[Stored dataset items]
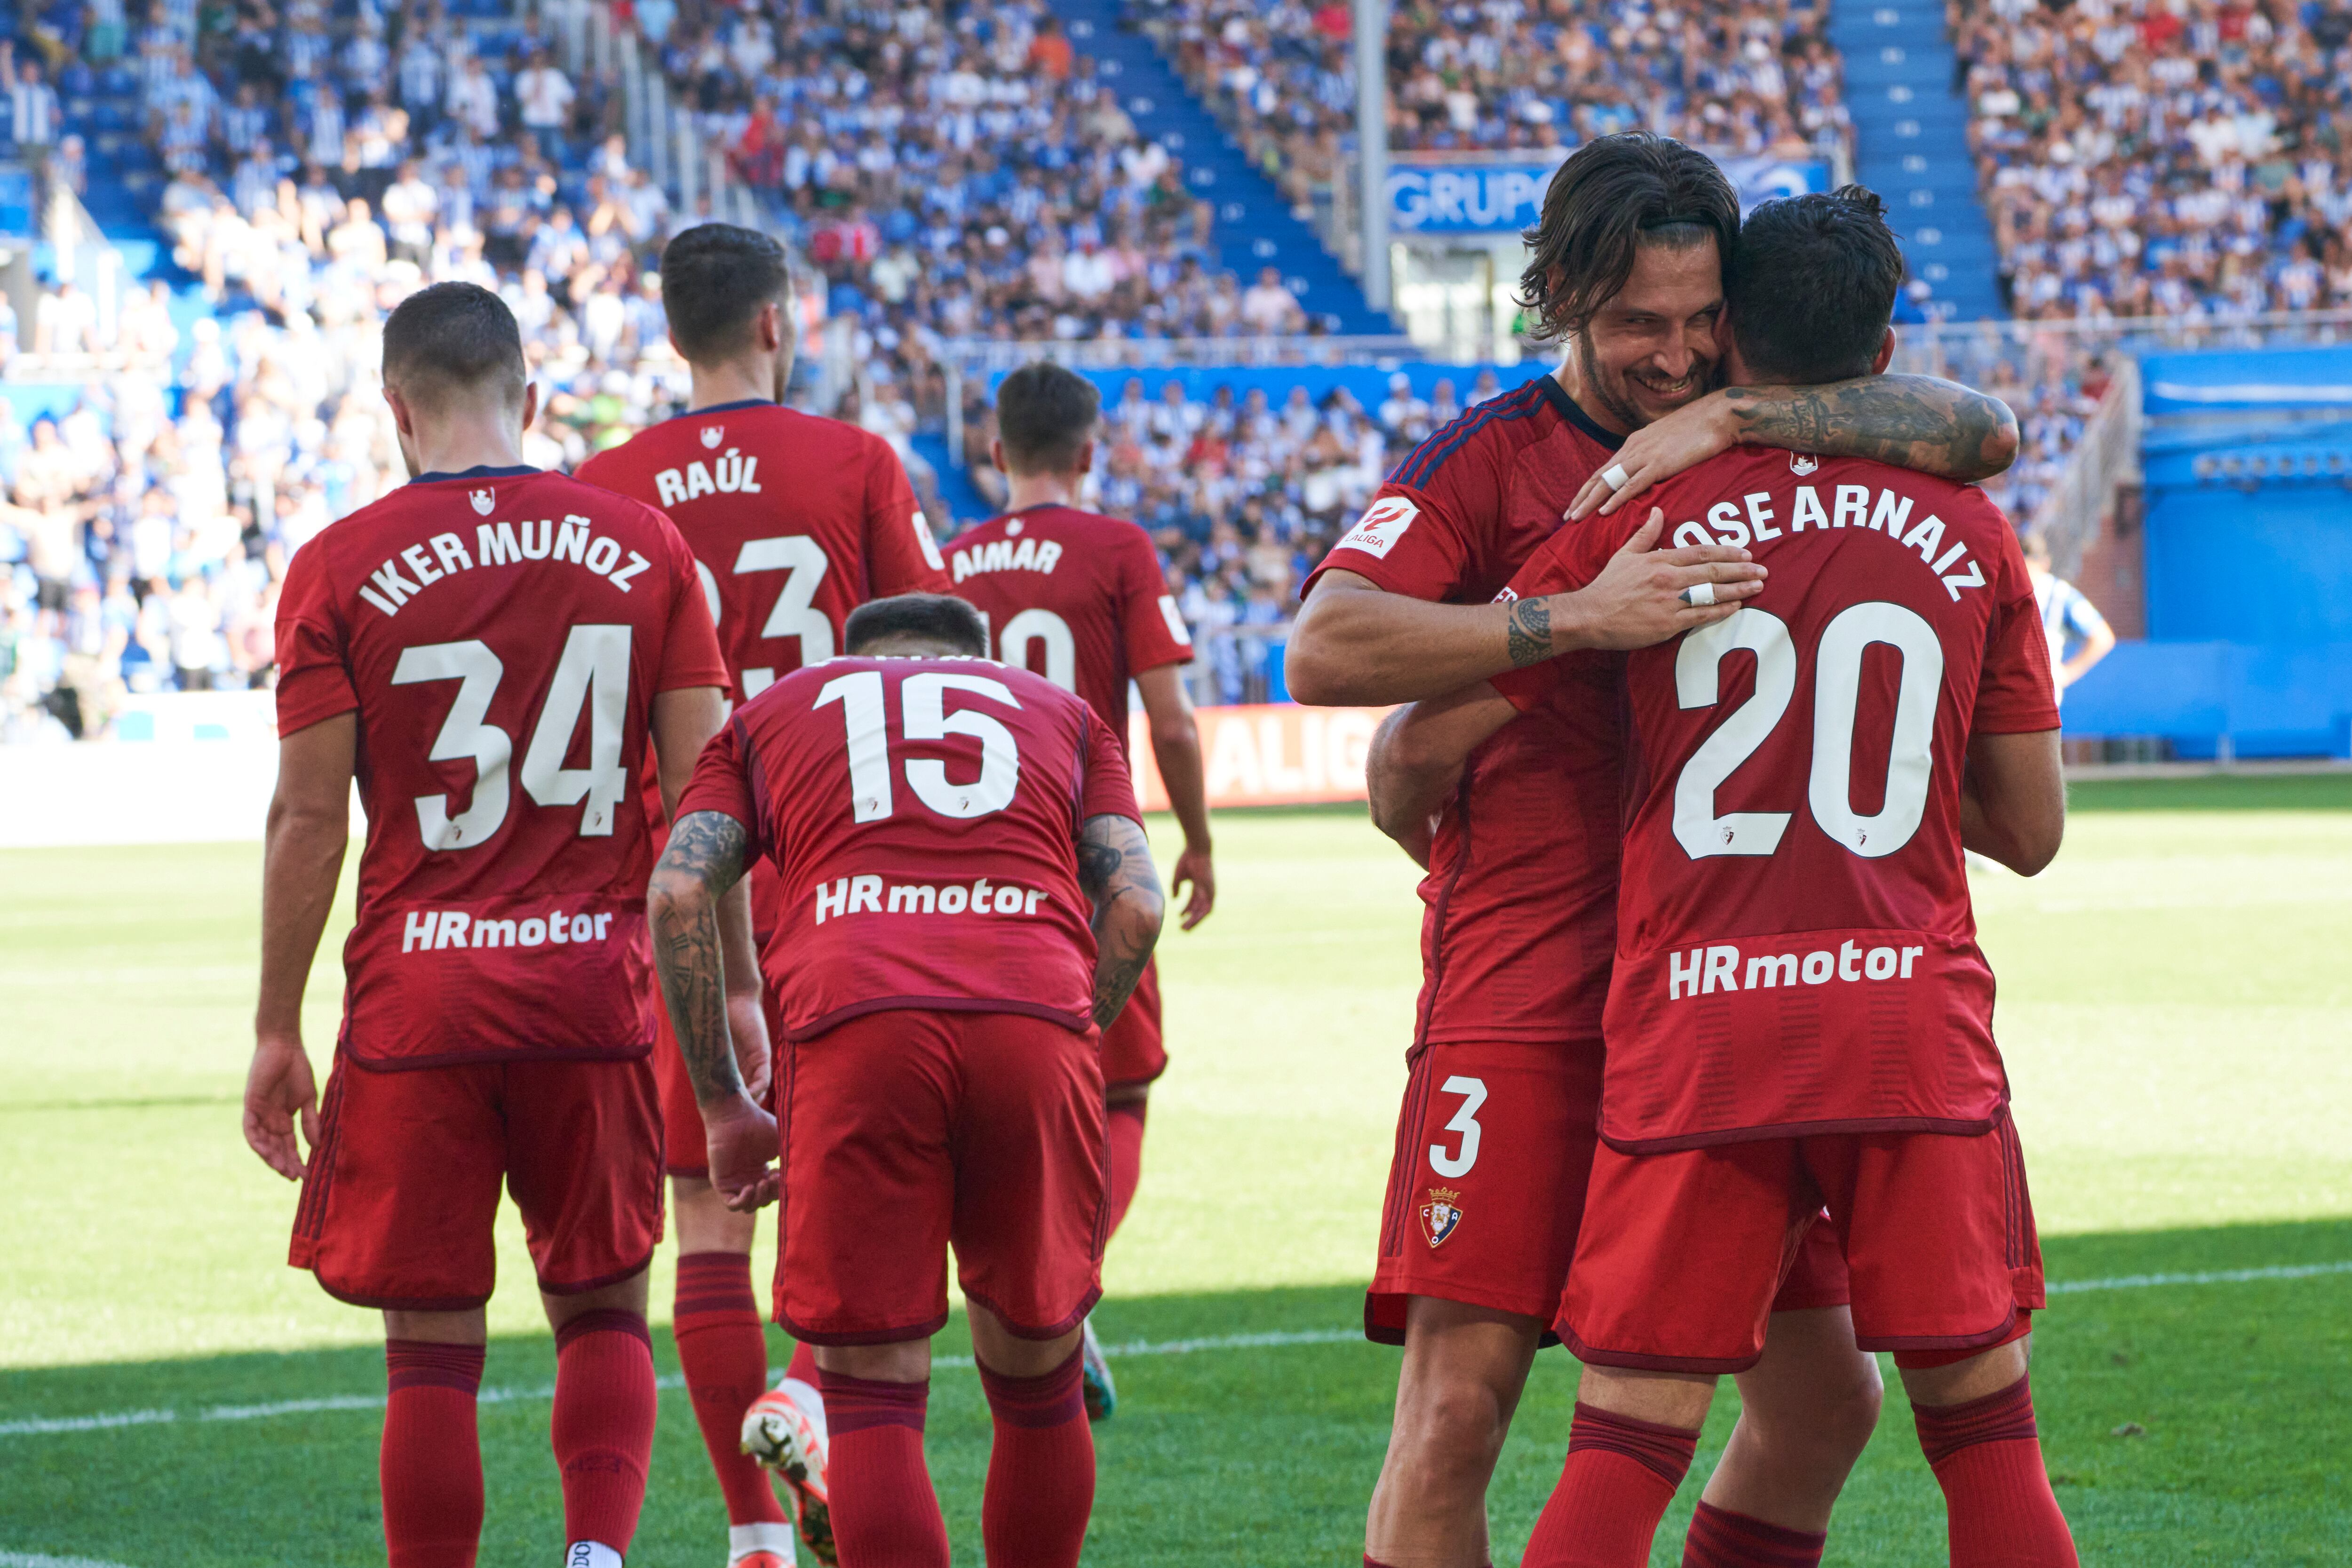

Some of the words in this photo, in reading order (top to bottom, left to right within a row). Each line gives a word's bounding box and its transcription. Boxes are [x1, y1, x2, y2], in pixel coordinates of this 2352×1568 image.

[655, 447, 761, 507] RAÚL
[359, 533, 473, 616] IKER
[477, 514, 651, 593] MUÑOZ
[952, 538, 1063, 584] AIMAR
[1344, 534, 1385, 548] LALIGA
[1658, 492, 1783, 550] OSE
[1792, 485, 1986, 602] ARNAIZ
[977, 608, 1076, 693] 0
[391, 624, 632, 851] 34
[812, 670, 1023, 824] 15
[1207, 711, 1376, 796] ALIG
[1672, 600, 1944, 860] 20
[1429, 1075, 1488, 1178] 3
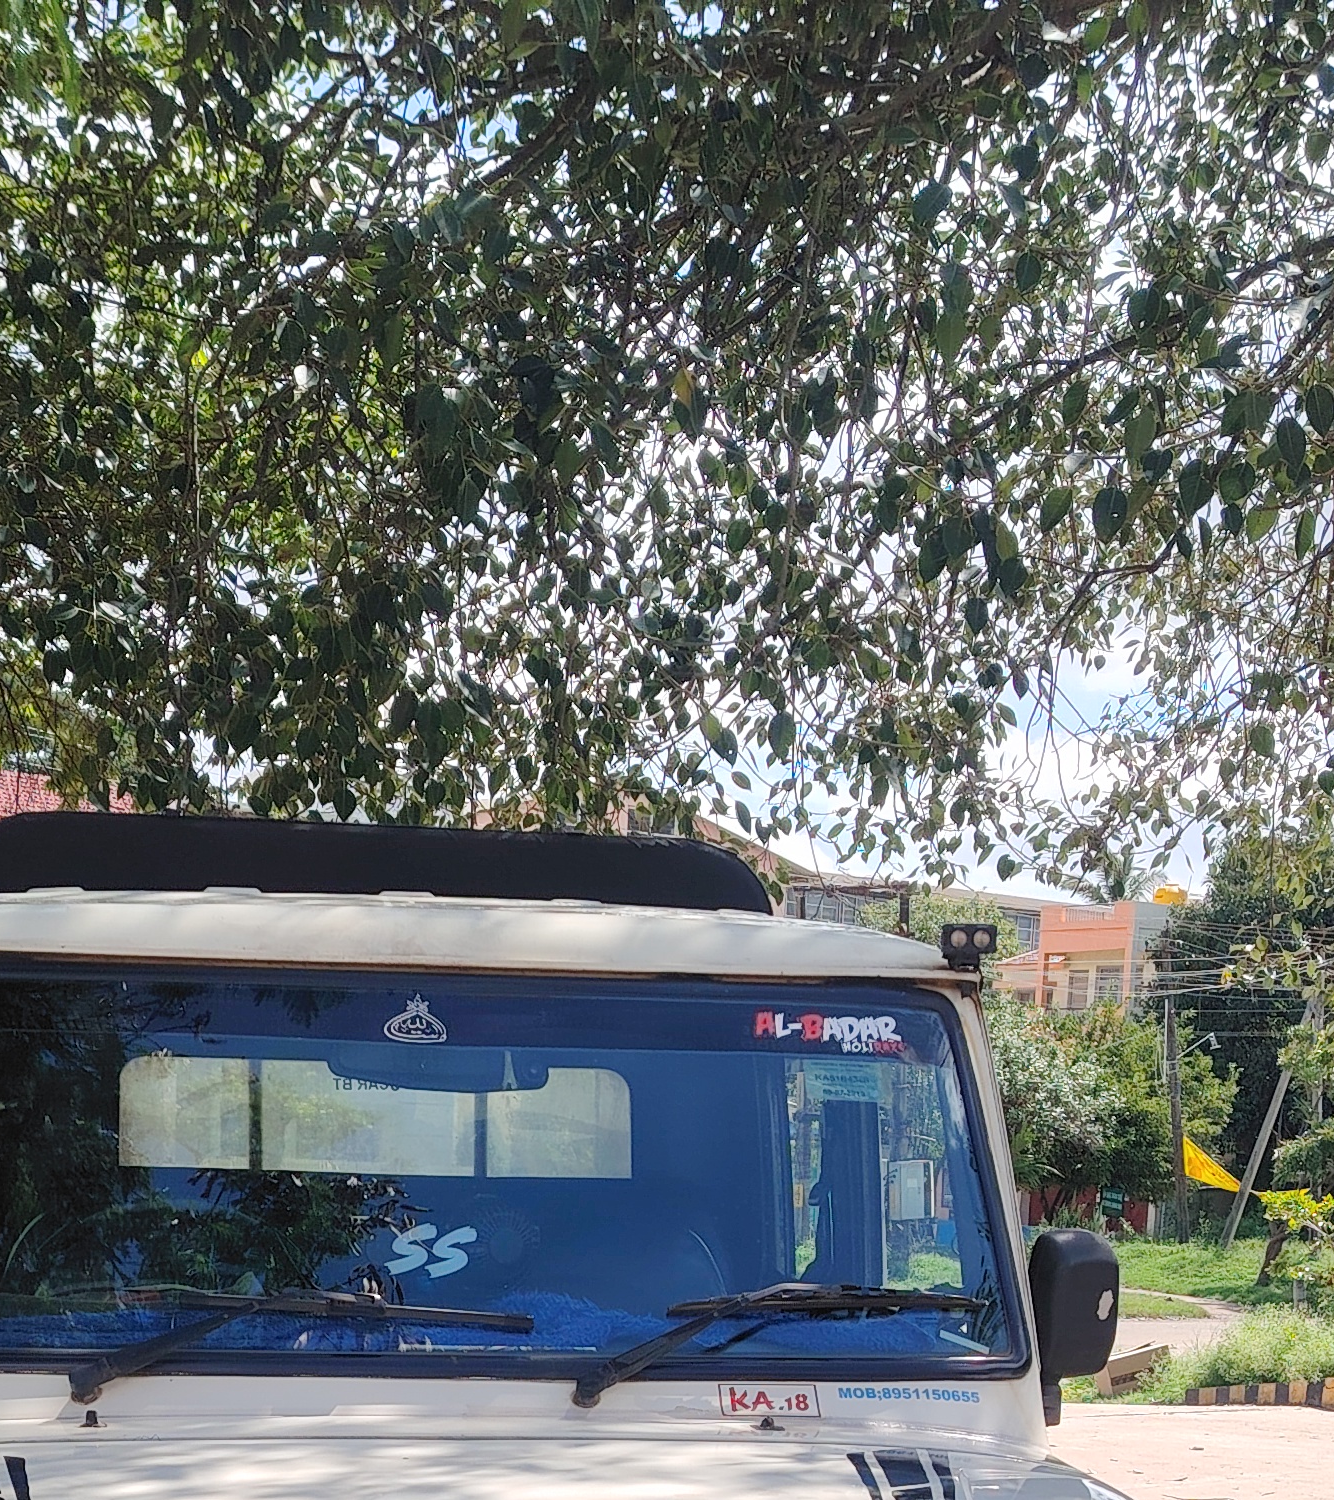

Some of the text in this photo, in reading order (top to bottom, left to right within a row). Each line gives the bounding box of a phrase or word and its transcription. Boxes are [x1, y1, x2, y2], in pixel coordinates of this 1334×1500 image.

[754, 1009, 902, 1043] AL-BADAR
[384, 1222, 478, 1279] SS
[837, 1387, 981, 1404] MOB;8951150655

BRIEF: Copy the records exactly. Skip any pictures.

SOLVED PROBLEM:
Some of the words in this photo, in reading order (top to bottom, left to right within a row). Each line gives a word's bounding box and its transcription. Boxes are [x1, y1, x2, y2], in pixel coordinates of this 2352×1568 image.

[655, 447, 761, 507] RAÚL
[359, 533, 473, 616] IKER
[477, 514, 651, 593] MUÑOZ
[952, 538, 1063, 584] AIMAR
[1344, 534, 1385, 548] LALIGA
[1658, 492, 1783, 550] OSE
[1792, 485, 1986, 602] ARNAIZ
[977, 608, 1076, 693] 0
[391, 624, 632, 851] 34
[812, 670, 1023, 824] 15
[1207, 711, 1376, 796] ALIG
[1672, 600, 1944, 860] 20
[1429, 1075, 1488, 1178] 3

Some of the text in this photo, in reading order (top to bottom, left to right within a row). Each line gives the bounding box of a phrase or word and its transcription. Boxes are [x1, y1, x2, y2], in pixel coordinates of this 1334×1500 image.

[754, 1009, 902, 1043] AL-BADAR
[384, 1222, 478, 1279] SS
[837, 1387, 981, 1404] MOB;8951150655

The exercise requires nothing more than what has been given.